PG (The Procter & Gamble Company), in the Consumer Defensive sector, (Household & Personal Products industry), listed on NYSE.

The Procter & Gamble Company provides branded consumer packaged goods worldwide. It operates through five segments: Beauty; Grooming; Health Care; Fabric & Home Care; and Baby, Feminine & Family Care. The Beauty segment offers conditioners, shampoos, styling aids, and treatments under the Head & Shoulders, Herbal Essences, Pantene, and Rejoice brands; and antiperspirants and deodorants, personal cleansing, and skin care products under the Olay, Old Spice, Safeguard, Secret, and SK-II brands.
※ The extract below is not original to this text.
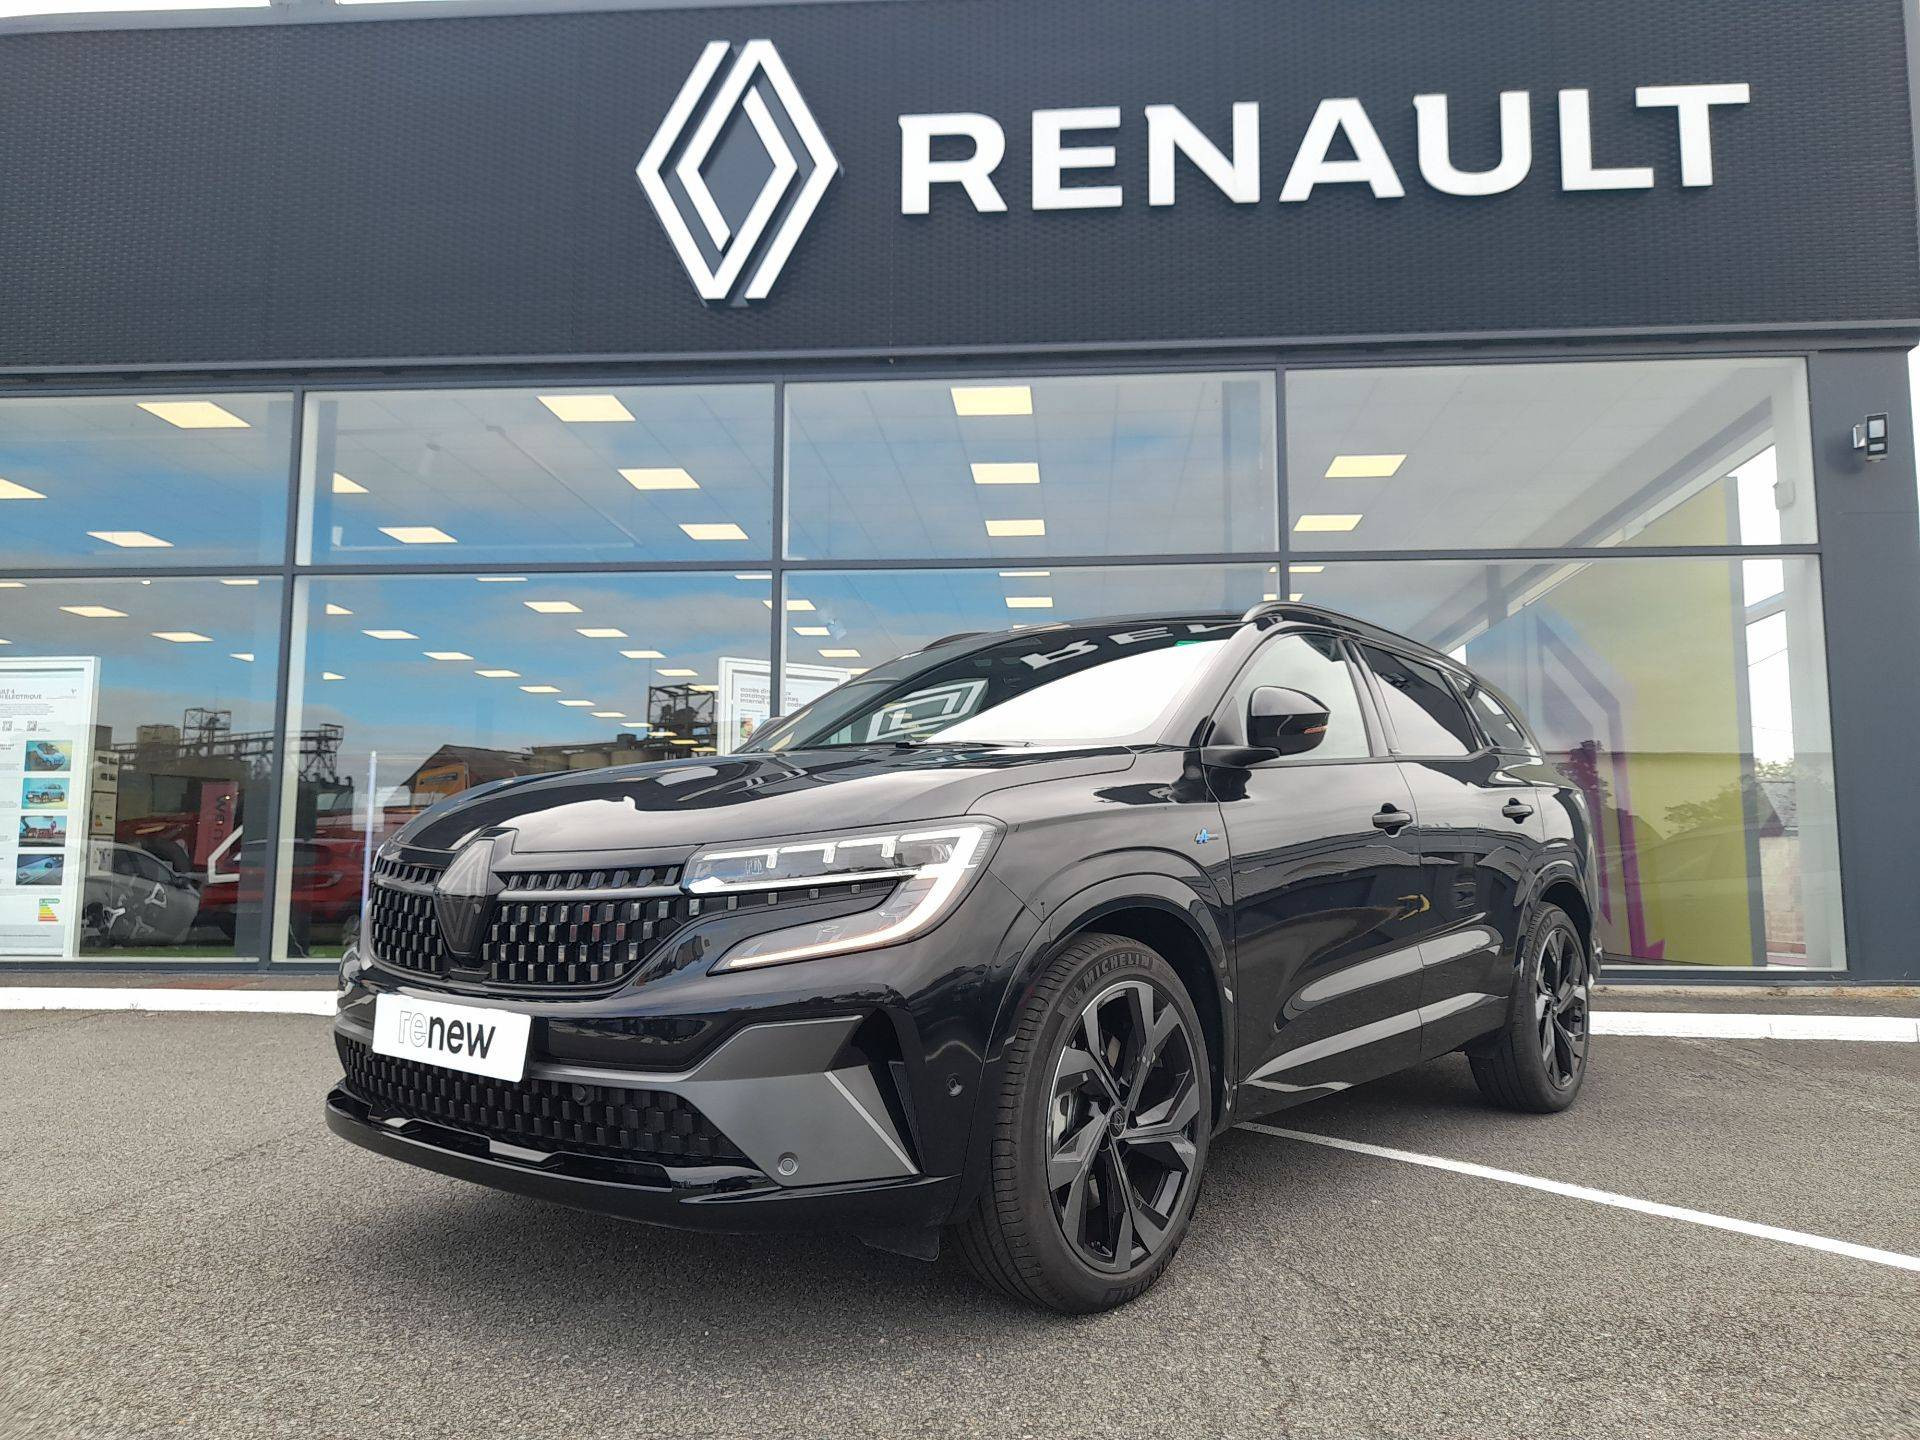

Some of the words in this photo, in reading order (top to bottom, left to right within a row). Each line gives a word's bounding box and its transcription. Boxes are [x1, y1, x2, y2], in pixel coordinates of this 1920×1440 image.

The Grooming segment provides shave care products and appliances under the Braun, Gillette, and Venus brand names. The Health Care segment offers toothbrushes, toothpastes, and other oral care products under the Crest and Oral-B brand names; and gastrointestinal, rapid diagnostics, respiratory, vitamins/minerals/supplements, pain relief, and other personal health care products under the Metamucil, Neurobion, Pepto-Bismol, and Vicks brands. The Fabric & Home Care segment provides fabric enhancers, laundry additives, and laundry detergents under the Ariel, Downy, Gain, and Tide brands; and air care, dish care, P&G professional, and surface care products under the Cascade, Dawn, Fairy, Febreze, Mr.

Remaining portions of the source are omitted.